For a long-term adaptation to be acceptable, a sustained decrease in "economic" or "discretionary" activities would not be a viable option. Apart from adjustments in body weight, the only information that we have relates to BMR.
In the world-wide analysis of BMR by Schofield et al. [20], by far the greater part of the data was derived from measurements in industrialized countries. The authors concluded tentatively that in developing countries the BMR might be lower than the overall average by 9%-10%, a conclusion based almost entirely on reports from India. Since then the FAO has itself collected further measurements of BMR in developing countries, and Henry and Rees [26] have made a further analysis of the older literature. The findings show that in developing countries BMR does tend to be lower than the values predicted from the Schofield equations that were used in the Rome report and by the Food Survey, the difference being greater in males than in females. Some examples are given in table 1.
TABLE 1. BMRs predicted by different equations
Age (years) and sex |
Body weight (kg) |
Predicted BMR (kcal) | A - B as % of A |
|
Aa | Bb | |||
18-30 | ||||
male | 60 | 1,61)0 | 1,490 | +6.9 |
female | 50 | I ,230 | 1,200 | +2.4 |
30-60 | ||||
male | 60 | 1,560 | 1,450 | +7.1 |
female | 50 | 1,250 | 1,180 | +5.6 |
a. From the equations of Schofield et al. [20]. Average standard error of estimate, ±138 kcal.

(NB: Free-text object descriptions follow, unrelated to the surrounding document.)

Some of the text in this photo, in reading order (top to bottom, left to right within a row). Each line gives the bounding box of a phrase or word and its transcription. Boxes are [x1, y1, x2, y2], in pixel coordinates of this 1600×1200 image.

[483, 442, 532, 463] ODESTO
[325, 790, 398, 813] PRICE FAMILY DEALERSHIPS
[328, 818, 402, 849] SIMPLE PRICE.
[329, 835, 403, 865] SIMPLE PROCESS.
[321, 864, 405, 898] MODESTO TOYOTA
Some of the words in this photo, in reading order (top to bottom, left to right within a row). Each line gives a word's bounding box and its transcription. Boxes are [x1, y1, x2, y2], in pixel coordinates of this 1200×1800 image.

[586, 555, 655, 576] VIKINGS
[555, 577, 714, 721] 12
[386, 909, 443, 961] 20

b. From the equations of Henry and Rees [26]. Average standard error of estimate, ±132 kcal.
Conclusion
It is not the purpose of this article simply to be critical of an important and valuable document, but rather to indicate topics that require further consideration and areas where more information needs to be collected in preparation for the next world food survey.

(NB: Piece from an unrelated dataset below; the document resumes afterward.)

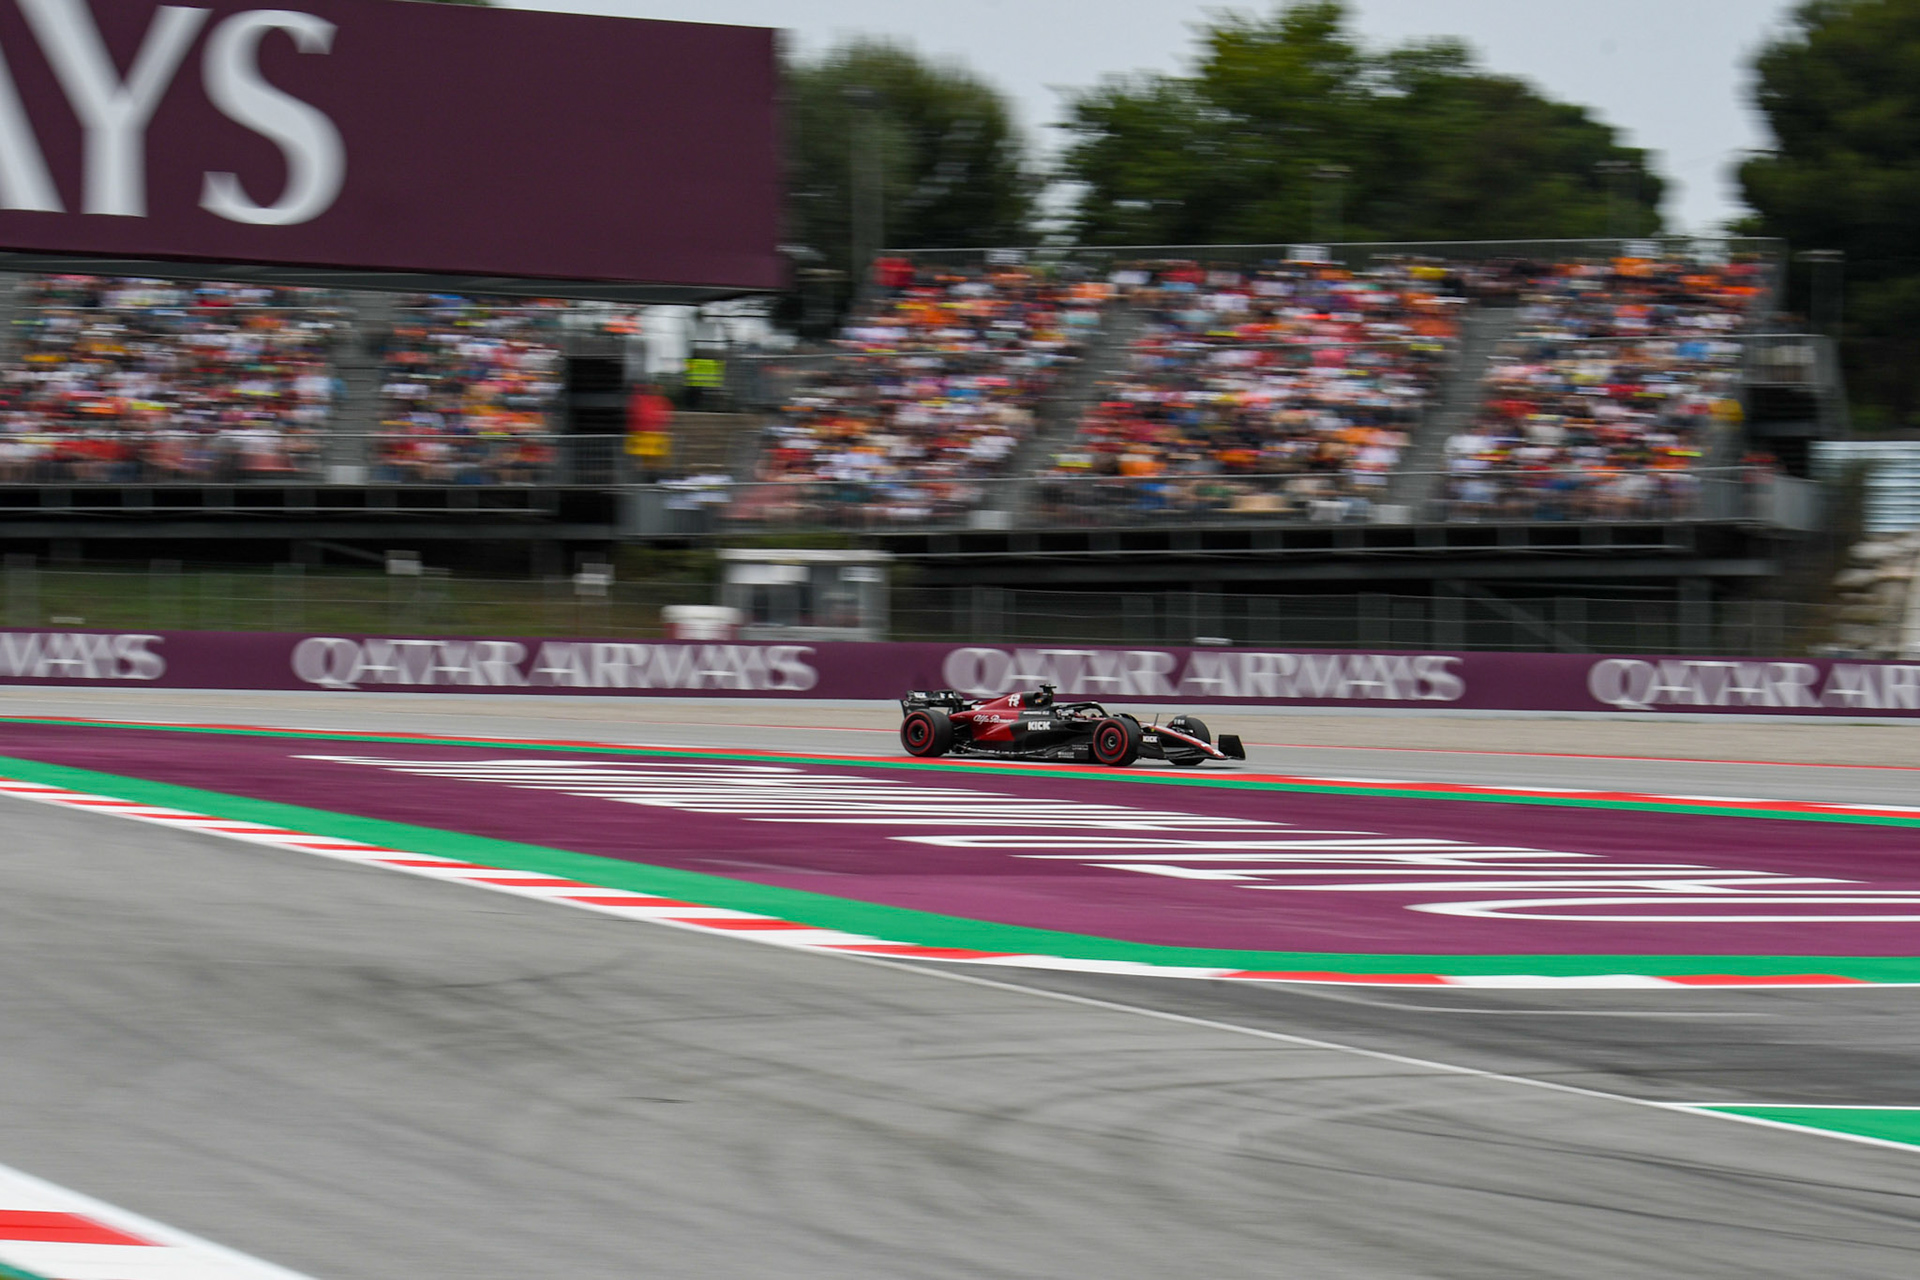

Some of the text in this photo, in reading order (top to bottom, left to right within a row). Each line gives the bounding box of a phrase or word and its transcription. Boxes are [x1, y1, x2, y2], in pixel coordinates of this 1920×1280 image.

[290, 637, 819, 691] QATAR AIRWAYS
[943, 647, 1465, 701] QATAR AIRWAYS
[1587, 658, 1822, 710] QATAR
[1027, 720, 1051, 730] KICK

As mentioned, a working group of the International Dietary Energy Consultative Group was charged with the task of defining criteria for the diagnosis of chronic energy deficiency, with special emphasis on individuals. This group has reached a tentative conclusion that the most practical criterion for adults is one based not on measurements of energy intake or expenditure but on physical state as measured by the BMI [3]. The difficulty is to define a cut-off point for the lower limit of acceptable BMI. It may well be that, as with the anthropometric criteria of nutritional status in children, it will be advisable to have several cut-off points, corresponding to mild, moderate, and severe deficiency or risk of deficiency.

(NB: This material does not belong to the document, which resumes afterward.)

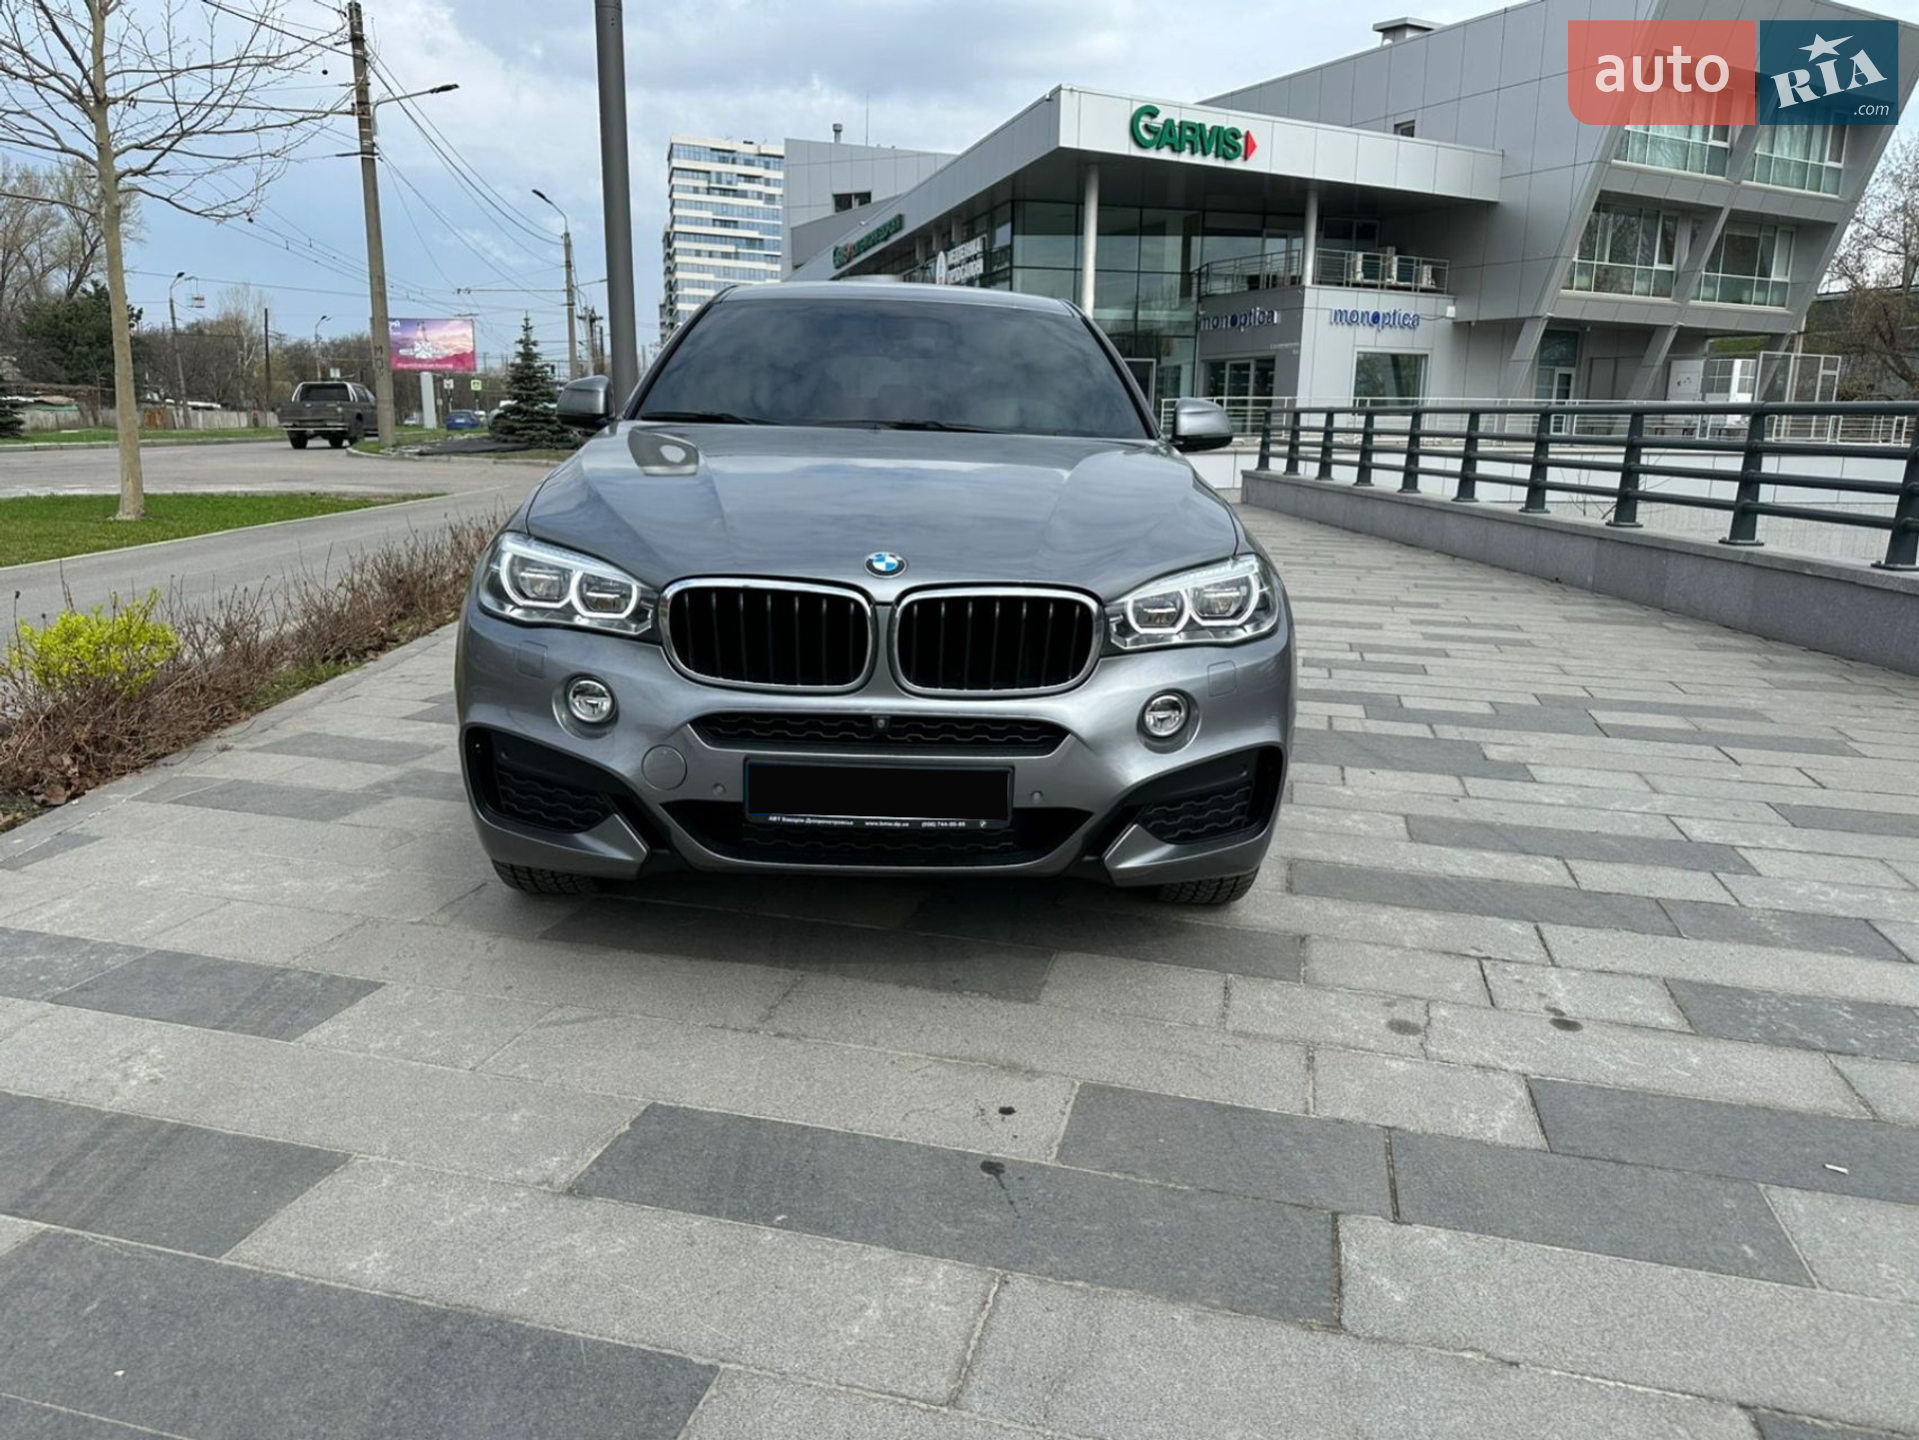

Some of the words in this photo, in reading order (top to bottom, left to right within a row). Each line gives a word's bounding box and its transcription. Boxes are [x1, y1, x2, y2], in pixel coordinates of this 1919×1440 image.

[1130, 104, 1243, 160] GARVIS
[1200, 306, 1279, 332] monoptica
[1331, 308, 1421, 332] monoptica

The current Food Survey approach similarly involves judgements about the acceptable range of body weight, with conclusions about "costless adaptation" that, as we have argued, have not been fully thought out. In relation to children, they are unacceptable. The methodology also requires the collection of data of food intake or proxies for food intake-a difficult and time-consuming task. It is to be hoped that in the future more use will be made of criteria based on physical nutritional status and more consideration given to the functional costs, if any, and the levels of activity that may be related to differences in physical status. This, of course, is more easily said than done. The FAO cannot move faster than the physiologists. This paper will have achieved its aim if it makes clear the needs for further research, often ignored by funding bodies, and the directions in which that research might go.